The sensitivity of PV interneuron-mediated IPSCs to whisker deprivation decreases with developmental age. (a)–(e) Averaged probability cumulative distributions of IPSCs for deprived slices converged with controls at P14 and P21 deprivation. (f) Mean inhibition in deprived slices was decreased significantly with deprivation starting at P0 (p = 0.016) and P3 (p = 0.032), and recovered to similar levels to controls when the deprivation date was delayed to P7, P14 and P21 (p = 0.073 at P7, 0.48 at P14, and 0.80 at P21 respectively; Mann-Whitney two-tailed test comparing only within each timepoint group independently, n numbers of P0: 14 cells each for controls and deprived, corresponding to 12 animals for controls, 11 animals for deprived, P3: 9 cells each for controls and deprived, corresponding to 6 animals each for controls and deprived, P7: 9 cells controls and 14 cells deprived, corresponding to 8 animals for controls, 12 animals for deprived, P14: 8 cells controls and 11 cells deprived, corresponding to 5 animals for control, 7 animals for deprived, P21: 12 cells each for controls and deprived, corresponding to 9 animals for control, 7 animals for deprived).

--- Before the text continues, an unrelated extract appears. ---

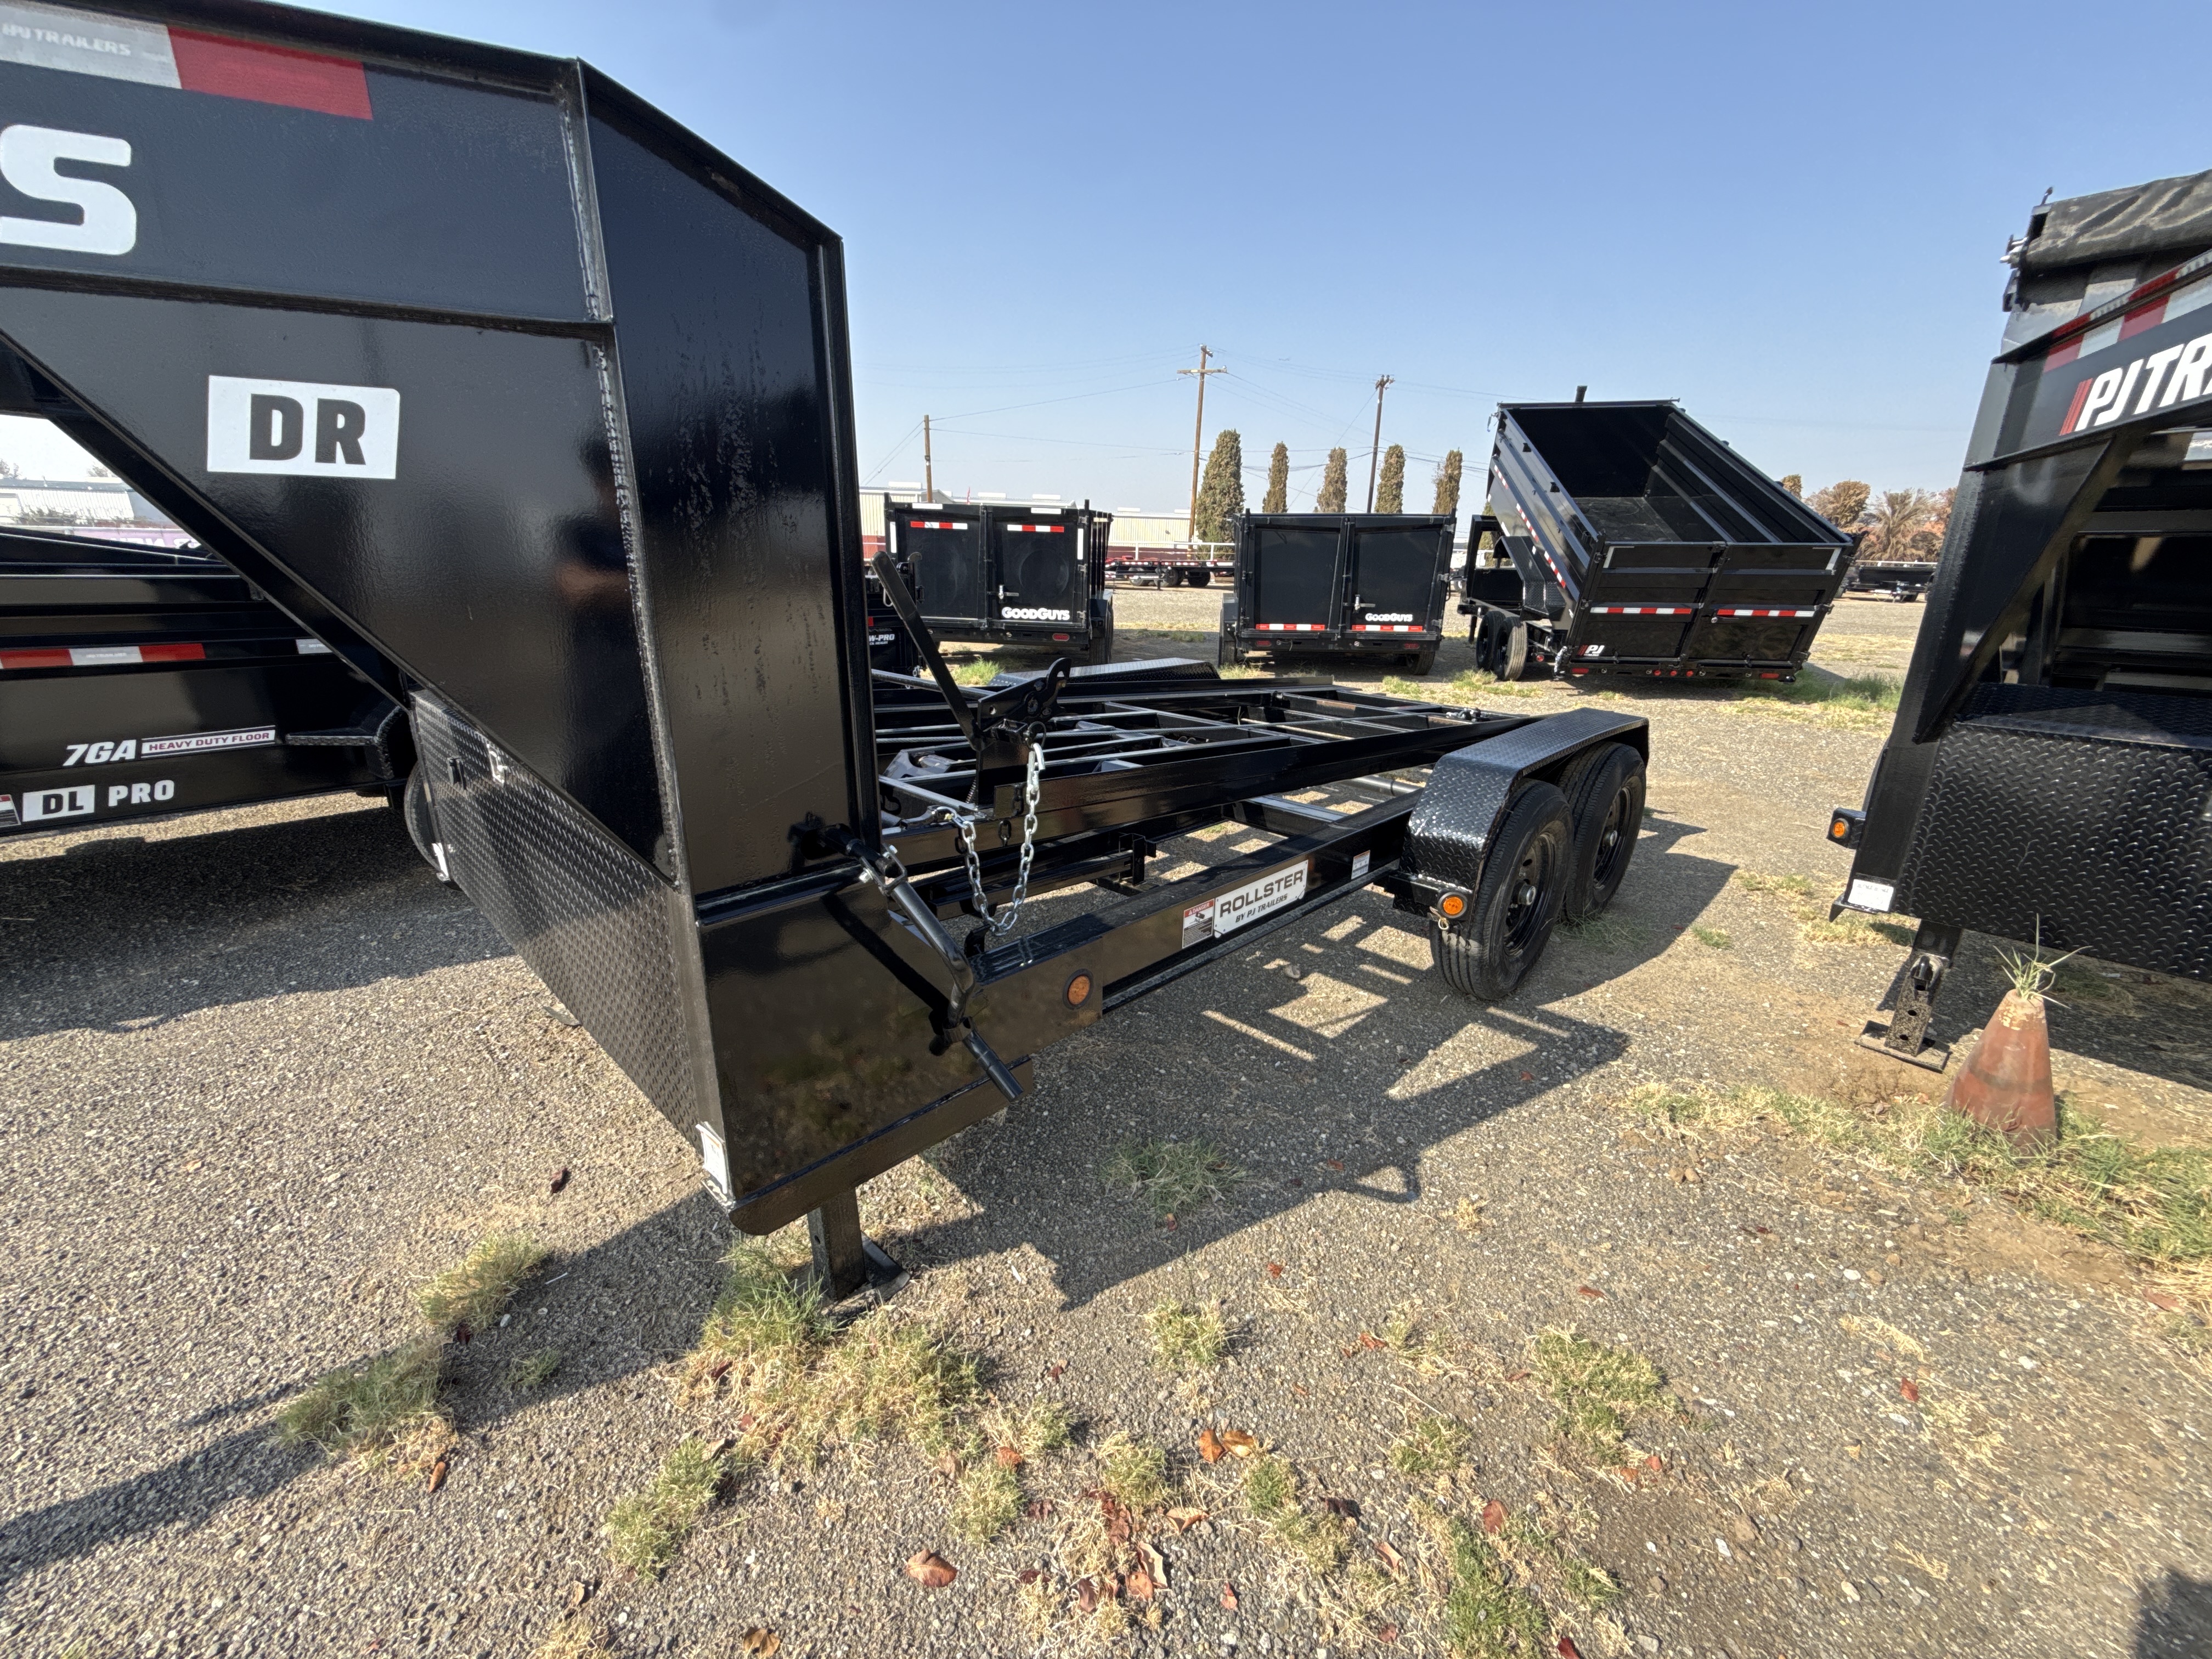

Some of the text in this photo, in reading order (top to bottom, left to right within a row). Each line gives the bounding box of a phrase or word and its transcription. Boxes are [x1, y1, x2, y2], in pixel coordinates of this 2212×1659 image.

Error bars represent s.e.m.

Figure 6

A critical period for experience-dependent plasticity in the inhibitory circuit. Curve depicts differences in mean IPSCs measured between control and deprived slices at different times of starting whisker deprivation. Sensory experience increases IPSCs in controls relative to deprived slices. The largest experience-dependent changes in IPSCs occurred at P0 and P7, decreasing sharply at P14 and P21 time points. Curve is a half-Gaussian fit with a half-width of approximately 10 days (R² = 0.95). Critical periods observed in layers 2/3 and 4 in the somatosensory cortex. The layer 2/3 receptive field critical period (yellow) was assembled from observations reported previously^–. The layer 4 critical period (blue) illustrates the relationship between layer 4 barrel size and deprivation start date.